Возвращаться домой, одному, было особенно грустно и странно.
Даже как-то не верилось, что то, чего мы все так долго втайне боялись,
совершилось, что вот брата уже нет, что я еду один и один проснусь завтра в
Батурине. А дома меня ожидало еще и большое несчастие. Я возвращался в ледяные
багровые сумерки. На пристяжке была Кабардинка, всю дорогу не дававшая отдыху
шедшему крупной рысью кореннику. Приехав, я о ней не подумал, ее, не выводив,
напоили, потная, она смертельно продрогла, простояла морозную ночь без попоны и
под утро пала. В полдень я пошел в лужки за садом, куда ее стащили. О, какая
жестокая, светлая пустота была в мире, какое гробовое солнечное молчание, какая
прозрачность воздуха, холод и блеск пустых полей!
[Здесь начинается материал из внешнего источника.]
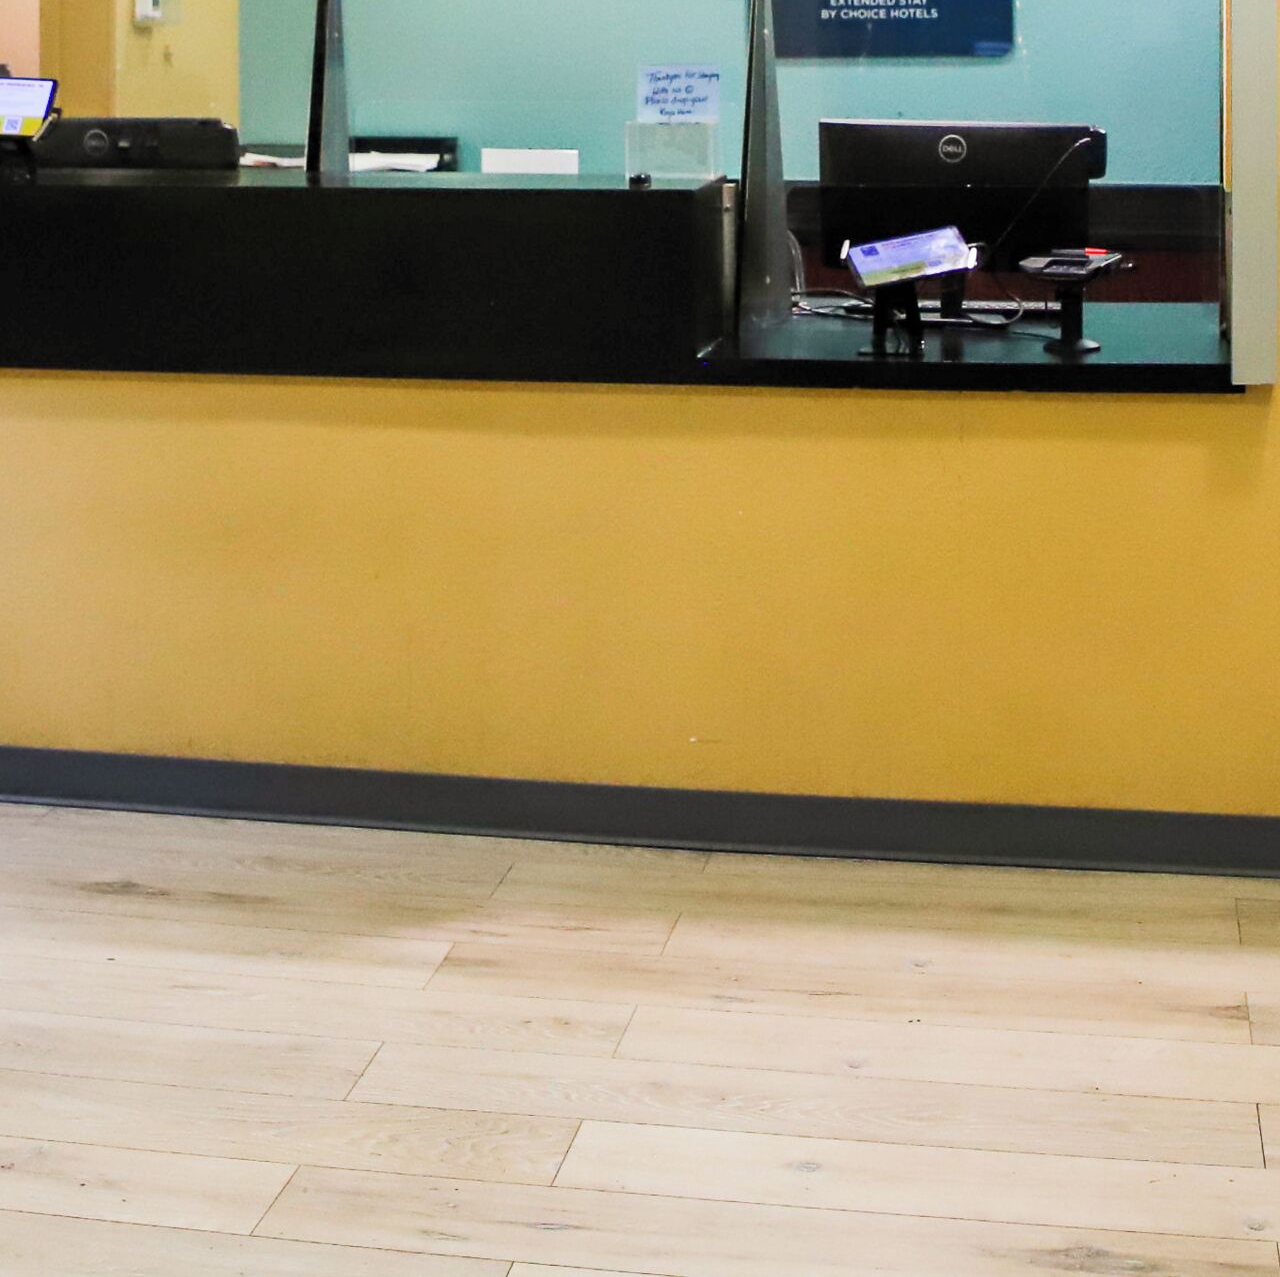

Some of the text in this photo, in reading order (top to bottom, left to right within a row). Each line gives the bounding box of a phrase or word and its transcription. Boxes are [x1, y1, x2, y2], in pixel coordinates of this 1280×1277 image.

[821, 9, 939, 19] BY CHOICE HOTELS
[942, 145, 962, 153] DELL
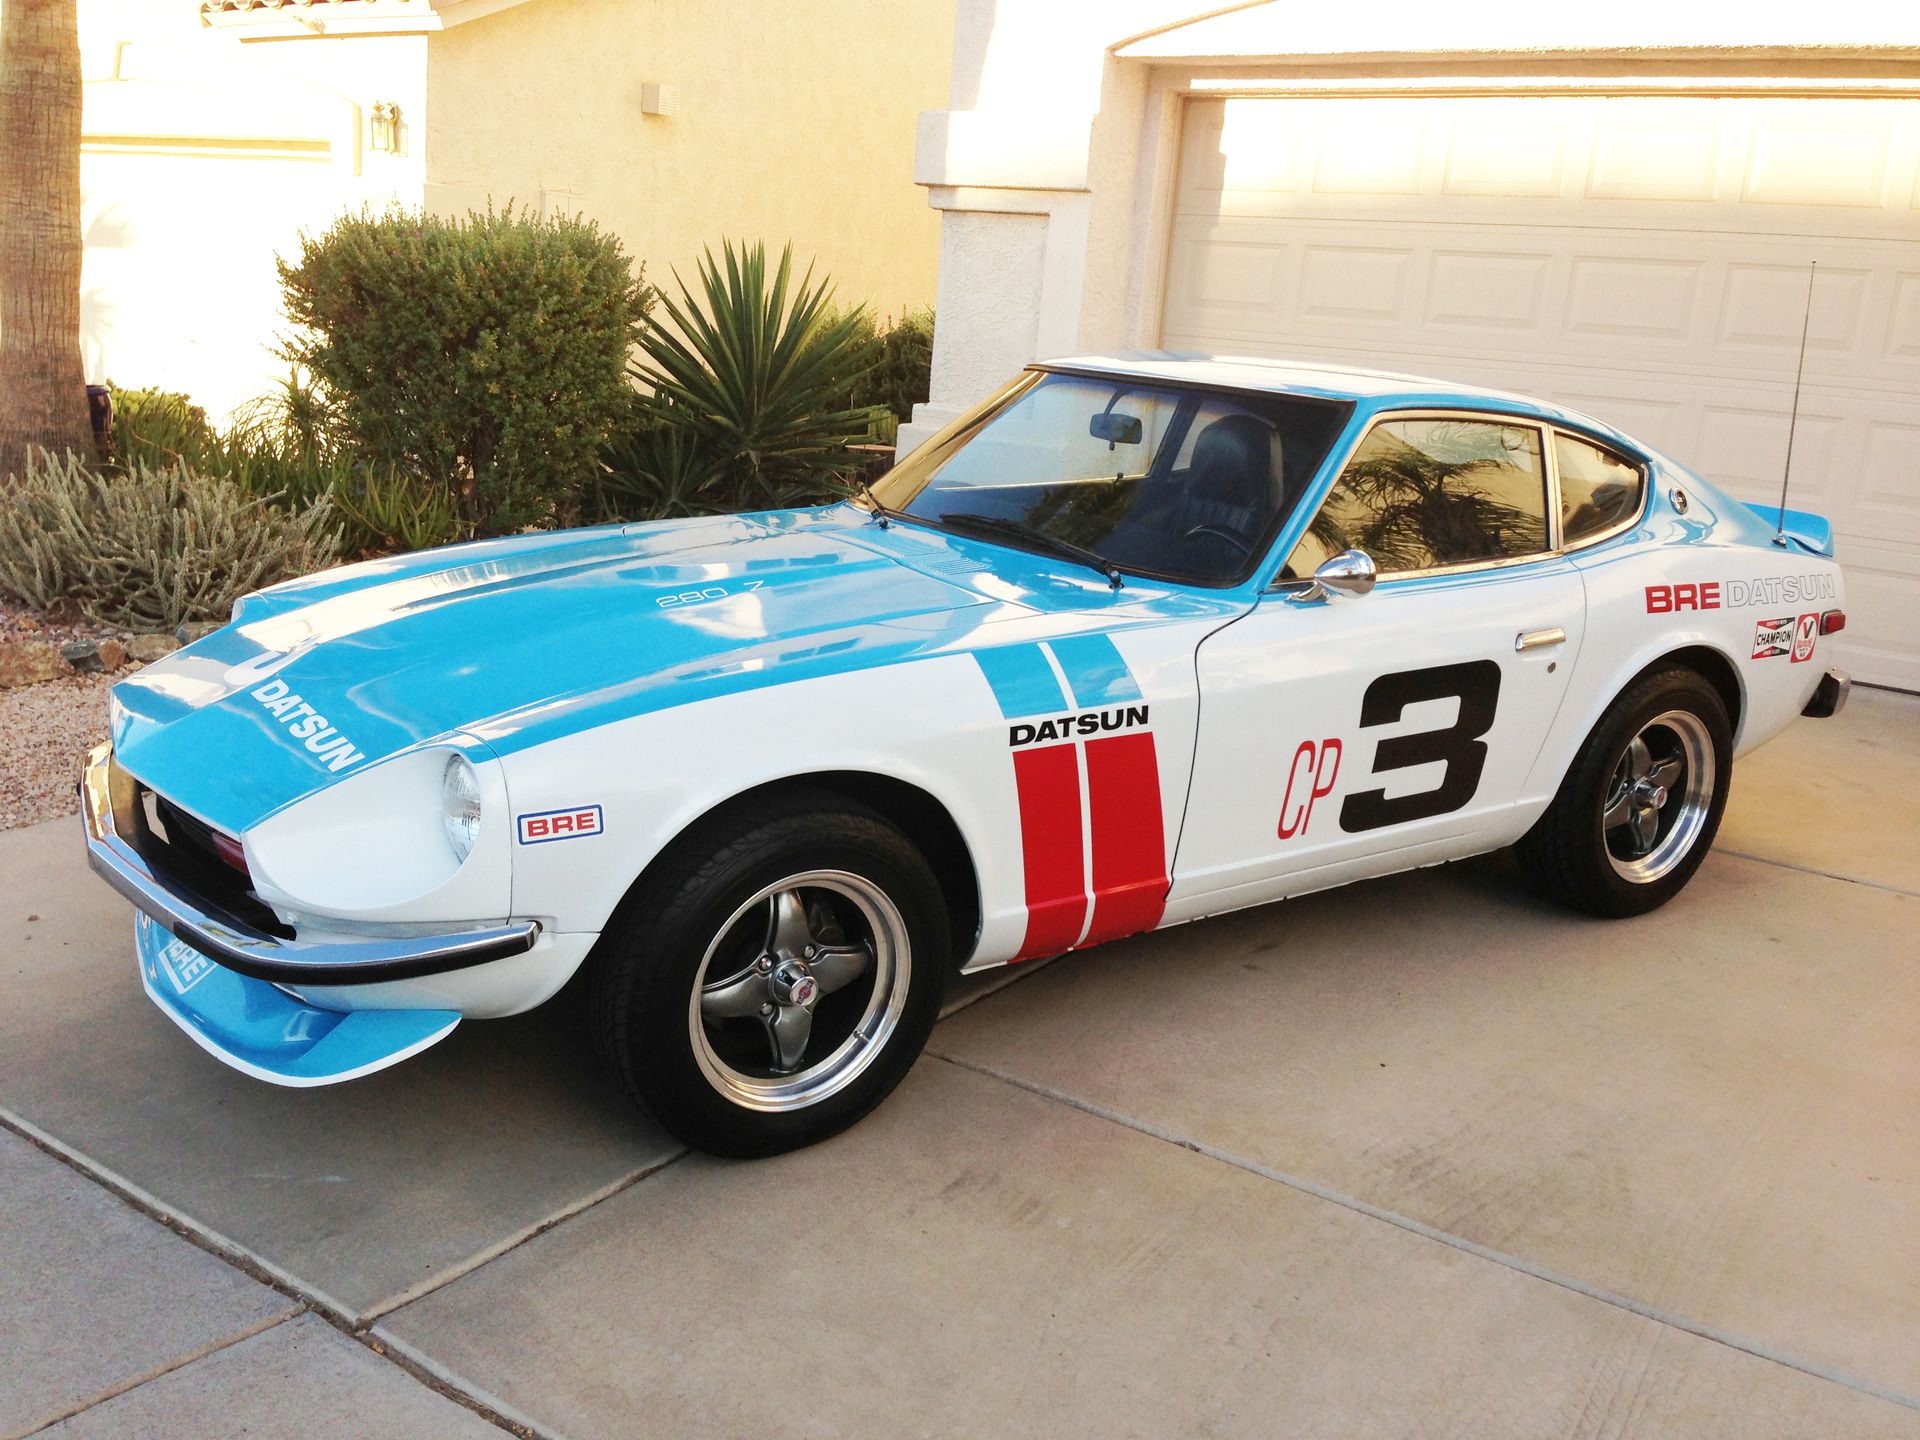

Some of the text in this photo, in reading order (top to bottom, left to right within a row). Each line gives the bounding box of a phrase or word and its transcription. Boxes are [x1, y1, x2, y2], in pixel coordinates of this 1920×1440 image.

[656, 580, 772, 608] 280 Z
[1645, 573, 1836, 614] BRE DATSUN
[1756, 630, 1792, 646] CHAMPION
[250, 678, 366, 773] DATSUN
[1009, 705, 1149, 747] DATSUN
[1339, 659, 1502, 833] 3
[1278, 738, 1342, 840] CP
[527, 812, 595, 837] BRE
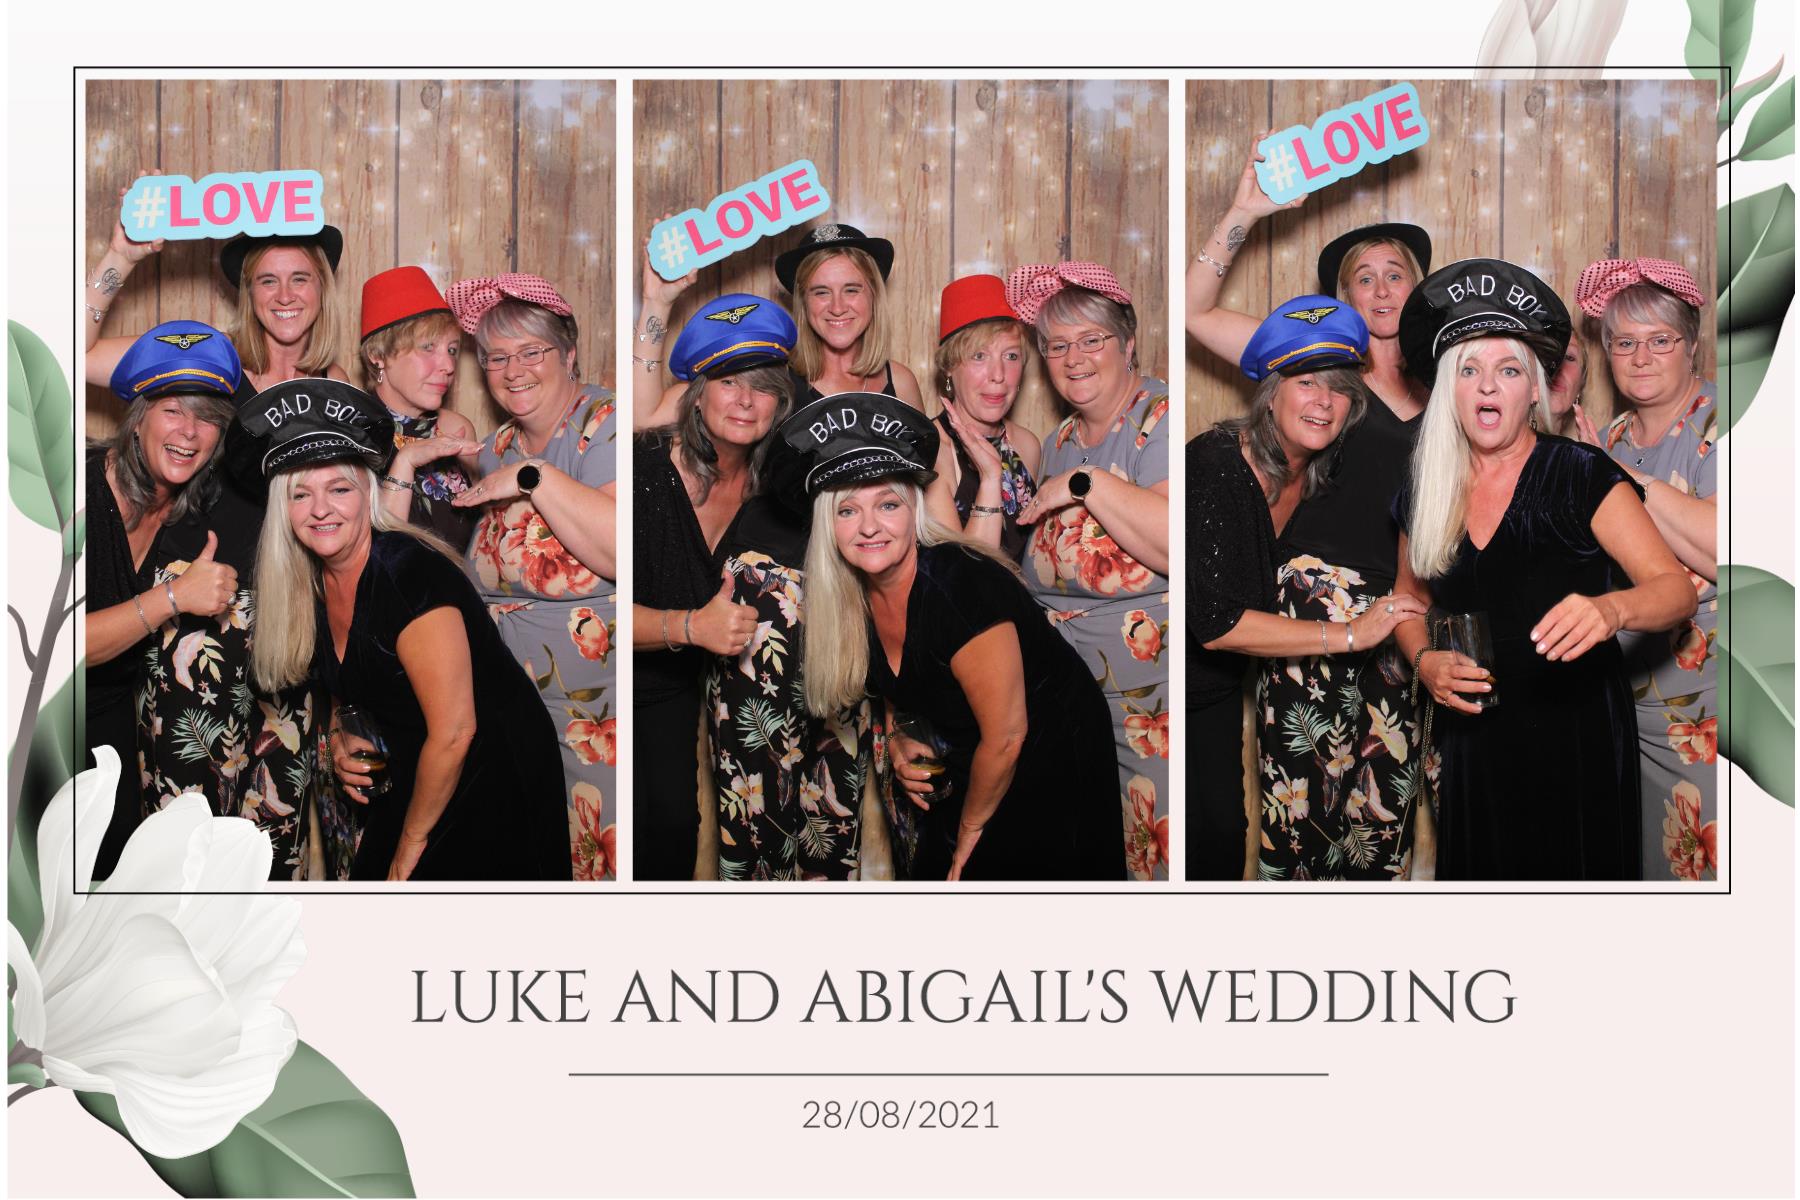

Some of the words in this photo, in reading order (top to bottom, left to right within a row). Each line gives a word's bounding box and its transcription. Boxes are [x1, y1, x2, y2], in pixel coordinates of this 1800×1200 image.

Кабардинка безобразно чернела
в лужках своей мертвой грудой, высоко вздутым боком и тонкой длинной шеей с
далеко откинутой лежачей головой. Собаки уже работали над ее брюхом,
сладострастно мотали, рвали его, стая старых воронов выжидательно торчала
подле, как-то свирепо взлетая порой, когда собаки, беспокойно рычавшие даже в
самый разгар своих мерзких хлопот, вдруг кидались на нее с оскаленными и
окровавленными мордами…
А после завтрака, когда я тупо лежал на диване в своей
комнате, за мелкими квадратными стеклами которой ровно синело осеннее небо и
чернели нагие деревья, послышались по коридору быстрые и тяжелые шаги и
внезапно вошел ко мне отец. В руках у него была его любимая бельгийская
двустволка, единственная драгоценность, оставшаяся ему от прежней
роскоши. — Вот, — сказал он, решительно кладя ее рядом со
мной. — Дарю, что могу, чем богат, тем и рад. Может быть, это тебя хоть
немного утешит…
Я вскочил, схватил его руку, но не успел поцеловать — он
отдернул ее и, быстро наклонившись, неловко поцеловал меня в
висок. — И вообще ты не очень убивайся, — прибавил он, стараясь
говорить с обычной своей бодростью. — Это я уж не о лошади, конечно,
говорю, а вообще о твоем положении… Ты думаешь, я ничего не вижу, не думаю о
тебе? Больше всех думаю! Я перед всеми вами виноват, всех вас по миру пустил,
да у тех хоть что-нибудь есть. Николай все таки хоть немного обеспечен, у
Георгия есть образование, а у тебя что, кроме твоей прекрасной души? Да и что
им? Николай человек вполне дюжинный, Георгий всегда вечным студентом останется,
а вот ты…
И хуже всего то, что не усидишь ты долго с нами, и что тебя
ждет, один Бог ведает! А все таки помни мое: нет беднее беды, чем печаль …
VII
В ту осень пусто, тихо было в нашем доме. Никогда, кажется,
не чувствовал я такой нежной любви к отцу и матери, но только одна сестра Оля
спасала меня в те дни от чувства одиночества, с особенной силой овладевшего
мной. Делить прогулки, вести разговоры, мечтать о будущем я стал теперь с ней —
и с удивлением и радостью все больше убеждался в том, что она гораздо взрослей,
развитей и душевно и умственно и гораздо ближе мне, чем я мог полагать. Был в
этих наших новых отношениях еще и какой-то чудесный возврат к нашей дальней,
детской близости …
Отец сказал про меня: «Что ждет тебя, один Бог ведает!» А
что ждало ее, со всей прелестью ее юности и со всей бедностью и одиночеством в
Батурине?
Впрочем, я тогда думал больше всего о себе.
VIII
Работу я бросил. Много времени проводил на деревне, по
избам, много охотился — то с братом Николаем, то один. Борзых у нас уже не
было, оставалась только пара гончих. Большие охоты, еще кое-где уцелевшие в
уезде, травили волков, лисиц, далеко и надолго уходили в отъезжее поле, в места
более прибыльные, чем наши. Мы же и одному русаку бывали рады, — вернее,
нашим скитаньям за ним по осенним полям, на осеннем воздухе.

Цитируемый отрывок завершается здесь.